**Work instruction**. Word for word, give the data again without its pictures.

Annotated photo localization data
---+---
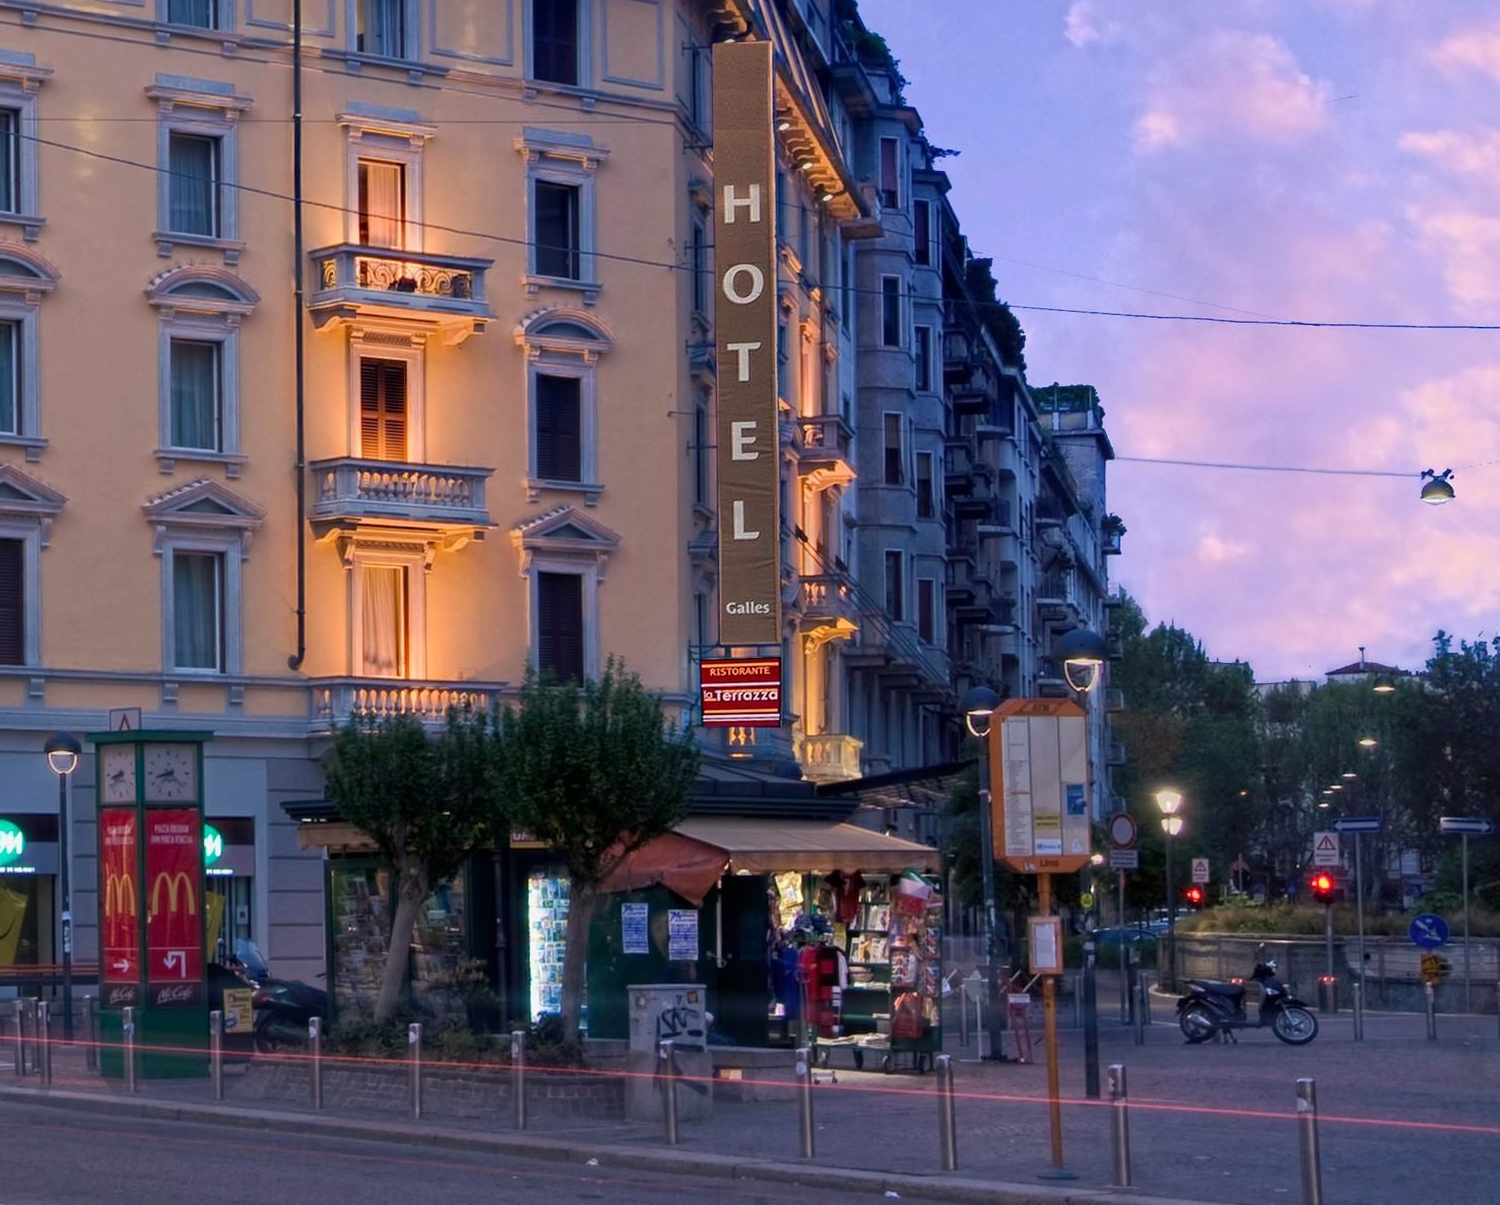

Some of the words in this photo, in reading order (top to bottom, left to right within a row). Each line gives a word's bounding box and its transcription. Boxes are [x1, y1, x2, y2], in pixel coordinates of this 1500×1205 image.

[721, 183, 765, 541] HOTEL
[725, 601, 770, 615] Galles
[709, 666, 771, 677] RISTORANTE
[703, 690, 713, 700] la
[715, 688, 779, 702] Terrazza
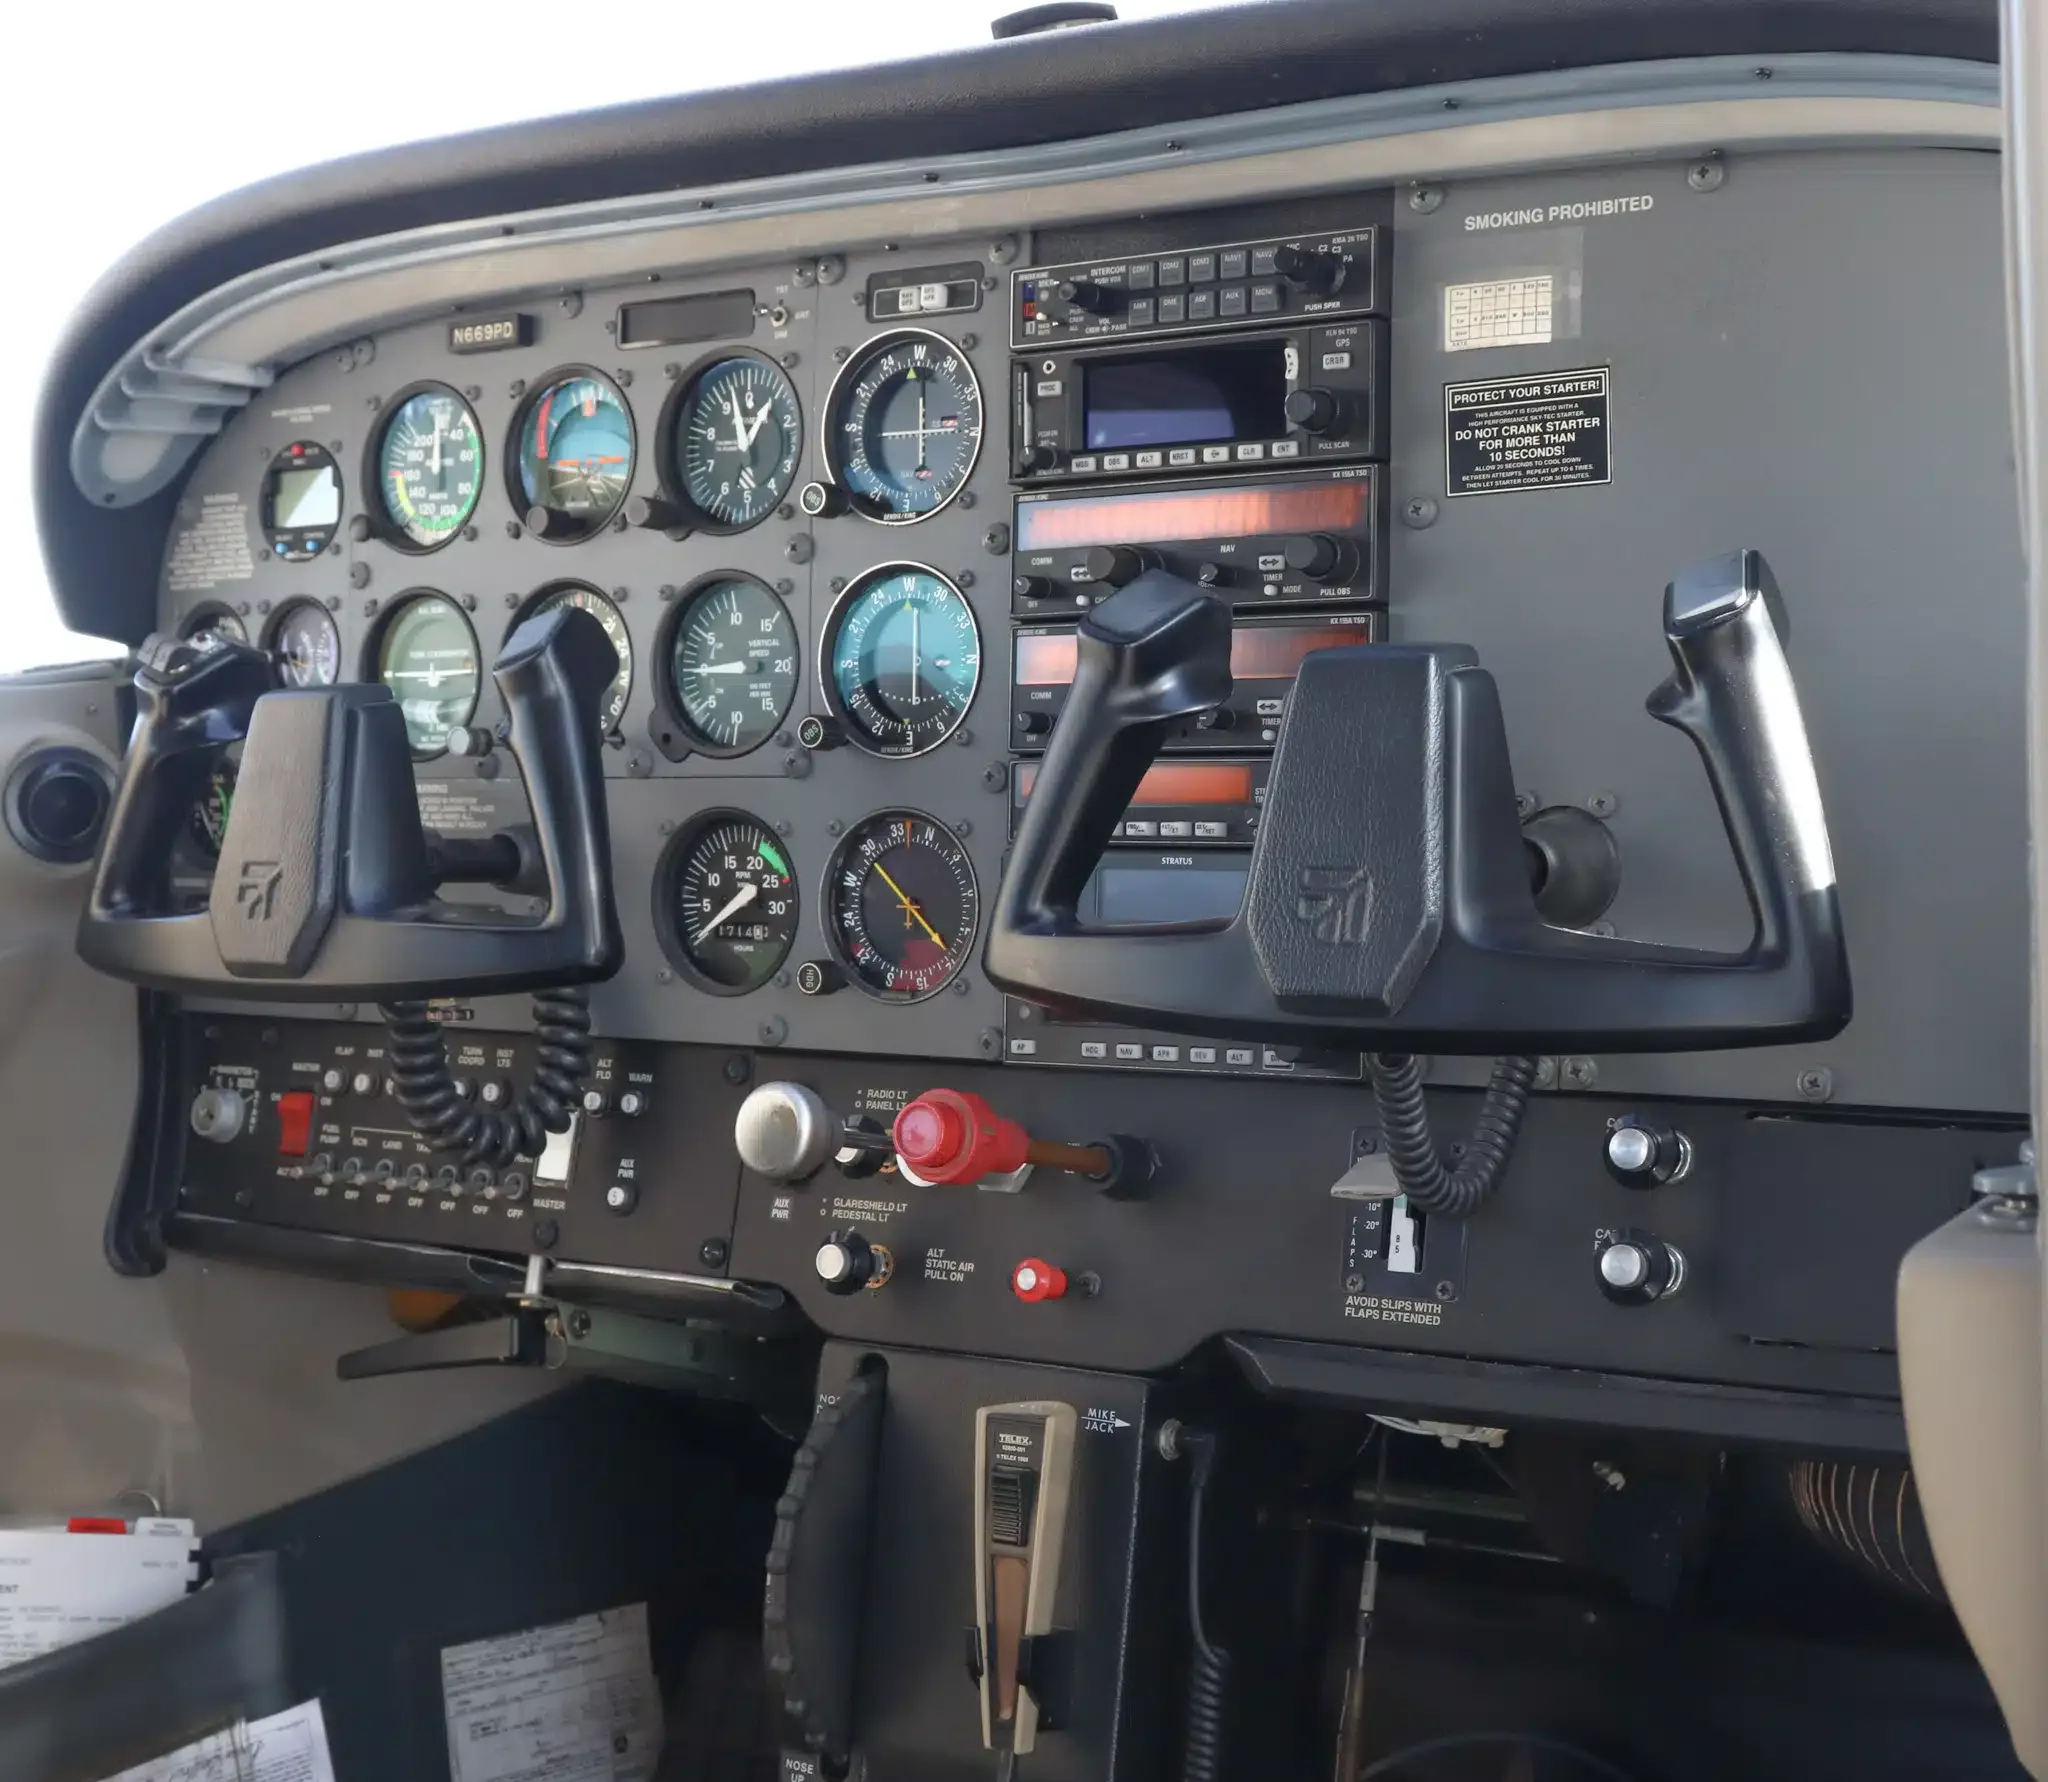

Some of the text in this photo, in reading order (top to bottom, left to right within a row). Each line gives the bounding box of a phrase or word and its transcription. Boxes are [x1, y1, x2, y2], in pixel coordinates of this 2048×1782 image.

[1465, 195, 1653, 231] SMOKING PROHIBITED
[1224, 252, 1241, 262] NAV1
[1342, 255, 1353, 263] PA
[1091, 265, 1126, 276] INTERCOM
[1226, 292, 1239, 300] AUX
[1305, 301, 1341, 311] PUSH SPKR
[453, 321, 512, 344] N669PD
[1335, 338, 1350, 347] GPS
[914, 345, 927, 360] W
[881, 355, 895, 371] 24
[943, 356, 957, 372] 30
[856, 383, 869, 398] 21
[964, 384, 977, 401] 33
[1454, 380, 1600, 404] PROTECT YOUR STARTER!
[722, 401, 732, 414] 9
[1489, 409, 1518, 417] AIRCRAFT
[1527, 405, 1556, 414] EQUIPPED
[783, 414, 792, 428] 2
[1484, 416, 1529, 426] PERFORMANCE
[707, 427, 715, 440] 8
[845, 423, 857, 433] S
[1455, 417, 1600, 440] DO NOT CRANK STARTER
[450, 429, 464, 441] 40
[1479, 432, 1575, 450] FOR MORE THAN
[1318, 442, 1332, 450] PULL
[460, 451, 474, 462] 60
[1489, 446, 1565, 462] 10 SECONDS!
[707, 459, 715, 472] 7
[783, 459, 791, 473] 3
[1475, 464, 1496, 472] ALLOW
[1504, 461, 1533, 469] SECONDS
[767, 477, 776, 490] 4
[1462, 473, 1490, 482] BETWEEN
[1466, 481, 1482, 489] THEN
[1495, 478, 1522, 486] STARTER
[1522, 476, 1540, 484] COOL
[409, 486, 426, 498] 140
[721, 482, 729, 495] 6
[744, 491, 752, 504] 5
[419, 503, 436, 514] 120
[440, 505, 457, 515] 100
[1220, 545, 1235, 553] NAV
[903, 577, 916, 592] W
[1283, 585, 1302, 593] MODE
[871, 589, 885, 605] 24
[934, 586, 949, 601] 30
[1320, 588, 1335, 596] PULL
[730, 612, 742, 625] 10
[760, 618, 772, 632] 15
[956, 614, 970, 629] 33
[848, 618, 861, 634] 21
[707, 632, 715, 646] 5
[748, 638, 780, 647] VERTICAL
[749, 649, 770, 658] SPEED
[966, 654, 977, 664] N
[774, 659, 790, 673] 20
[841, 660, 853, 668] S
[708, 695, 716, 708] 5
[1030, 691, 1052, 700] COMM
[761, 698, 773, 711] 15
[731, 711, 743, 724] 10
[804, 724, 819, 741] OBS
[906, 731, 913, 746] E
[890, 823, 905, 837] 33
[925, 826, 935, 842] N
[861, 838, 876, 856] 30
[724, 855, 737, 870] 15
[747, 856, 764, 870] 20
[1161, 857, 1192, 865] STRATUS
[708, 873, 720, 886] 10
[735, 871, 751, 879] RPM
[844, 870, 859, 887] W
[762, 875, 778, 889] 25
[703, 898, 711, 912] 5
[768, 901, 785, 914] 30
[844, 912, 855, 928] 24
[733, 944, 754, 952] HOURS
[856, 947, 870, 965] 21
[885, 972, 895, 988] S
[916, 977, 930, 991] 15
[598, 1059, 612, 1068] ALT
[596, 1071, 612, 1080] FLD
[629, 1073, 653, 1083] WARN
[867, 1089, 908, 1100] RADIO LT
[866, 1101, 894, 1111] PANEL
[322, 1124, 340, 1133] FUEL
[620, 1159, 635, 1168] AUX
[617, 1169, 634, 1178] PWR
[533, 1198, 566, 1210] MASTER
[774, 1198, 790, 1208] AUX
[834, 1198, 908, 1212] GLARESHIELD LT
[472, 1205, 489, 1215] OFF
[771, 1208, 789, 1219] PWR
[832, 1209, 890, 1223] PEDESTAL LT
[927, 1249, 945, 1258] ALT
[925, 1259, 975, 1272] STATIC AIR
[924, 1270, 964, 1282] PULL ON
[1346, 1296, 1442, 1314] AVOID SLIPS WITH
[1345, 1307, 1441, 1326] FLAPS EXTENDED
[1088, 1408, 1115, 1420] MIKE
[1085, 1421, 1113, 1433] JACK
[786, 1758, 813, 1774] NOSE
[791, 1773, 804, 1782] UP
---+---
**Solution to the exercise**.
Some of the words in this photo, in reading order (top to bottom, left to right within a row). Each line gives a word's bounding box and its transcription. Boxes are [x1, y1, x2, y2], in pixel coordinates of this 1500×1205 image.

[721, 183, 765, 541] HOTEL
[725, 601, 770, 615] Galles
[709, 666, 771, 677] RISTORANTE
[703, 690, 713, 700] la
[715, 688, 779, 702] Terrazza

Some of the text in this photo, in reading order (top to bottom, left to right within a row). Each line gives the bounding box of a phrase or word and its transcription. Boxes are [x1, y1, x2, y2], in pixel coordinates of this 2048×1782 image.

[1465, 195, 1653, 231] SMOKING PROHIBITED
[1224, 252, 1241, 262] NAV1
[1342, 255, 1353, 263] PA
[1091, 265, 1126, 276] INTERCOM
[1226, 292, 1239, 300] AUX
[1305, 301, 1341, 311] PUSH SPKR
[453, 321, 512, 344] N669PD
[1335, 338, 1350, 347] GPS
[914, 345, 927, 360] W
[881, 355, 895, 371] 24
[943, 356, 957, 372] 30
[856, 383, 869, 398] 21
[964, 384, 977, 401] 33
[1454, 380, 1600, 404] PROTECT YOUR STARTER!
[722, 401, 732, 414] 9
[1489, 409, 1518, 417] AIRCRAFT
[1527, 405, 1556, 414] EQUIPPED
[783, 414, 792, 428] 2
[1484, 416, 1529, 426] PERFORMANCE
[707, 427, 715, 440] 8
[845, 423, 857, 433] S
[1455, 417, 1600, 440] DO NOT CRANK STARTER
[450, 429, 464, 441] 40
[1479, 432, 1575, 450] FOR MORE THAN
[1318, 442, 1332, 450] PULL
[460, 451, 474, 462] 60
[1489, 446, 1565, 462] 10 SECONDS!
[707, 459, 715, 472] 7
[783, 459, 791, 473] 3
[1475, 464, 1496, 472] ALLOW
[1504, 461, 1533, 469] SECONDS
[767, 477, 776, 490] 4
[1462, 473, 1490, 482] BETWEEN
[1466, 481, 1482, 489] THEN
[1495, 478, 1522, 486] STARTER
[1522, 476, 1540, 484] COOL
[409, 486, 426, 498] 140
[721, 482, 729, 495] 6
[744, 491, 752, 504] 5
[419, 503, 436, 514] 120
[440, 505, 457, 515] 100
[1220, 545, 1235, 553] NAV
[903, 577, 916, 592] W
[1283, 585, 1302, 593] MODE
[871, 589, 885, 605] 24
[934, 586, 949, 601] 30
[1320, 588, 1335, 596] PULL
[730, 612, 742, 625] 10
[760, 618, 772, 632] 15
[956, 614, 970, 629] 33
[848, 618, 861, 634] 21
[707, 632, 715, 646] 5
[748, 638, 780, 647] VERTICAL
[749, 649, 770, 658] SPEED
[966, 654, 977, 664] N
[774, 659, 790, 673] 20
[841, 660, 853, 668] S
[708, 695, 716, 708] 5
[1030, 691, 1052, 700] COMM
[761, 698, 773, 711] 15
[731, 711, 743, 724] 10
[804, 724, 819, 741] OBS
[906, 731, 913, 746] E
[890, 823, 905, 837] 33
[925, 826, 935, 842] N
[861, 838, 876, 856] 30
[724, 855, 737, 870] 15
[747, 856, 764, 870] 20
[1161, 857, 1192, 865] STRATUS
[708, 873, 720, 886] 10
[735, 871, 751, 879] RPM
[844, 870, 859, 887] W
[762, 875, 778, 889] 25
[703, 898, 711, 912] 5
[768, 901, 785, 914] 30
[844, 912, 855, 928] 24
[733, 944, 754, 952] HOURS
[856, 947, 870, 965] 21
[885, 972, 895, 988] S
[916, 977, 930, 991] 15
[598, 1059, 612, 1068] ALT
[596, 1071, 612, 1080] FLD
[629, 1073, 653, 1083] WARN
[867, 1089, 908, 1100] RADIO LT
[866, 1101, 894, 1111] PANEL
[322, 1124, 340, 1133] FUEL
[620, 1159, 635, 1168] AUX
[617, 1169, 634, 1178] PWR
[533, 1198, 566, 1210] MASTER
[774, 1198, 790, 1208] AUX
[834, 1198, 908, 1212] GLARESHIELD LT
[472, 1205, 489, 1215] OFF
[771, 1208, 789, 1219] PWR
[832, 1209, 890, 1223] PEDESTAL LT
[927, 1249, 945, 1258] ALT
[925, 1259, 975, 1272] STATIC AIR
[924, 1270, 964, 1282] PULL ON
[1346, 1296, 1442, 1314] AVOID SLIPS WITH
[1345, 1307, 1441, 1326] FLAPS EXTENDED
[1088, 1408, 1115, 1420] MIKE
[1085, 1421, 1113, 1433] JACK
[786, 1758, 813, 1774] NOSE
[791, 1773, 804, 1782] UP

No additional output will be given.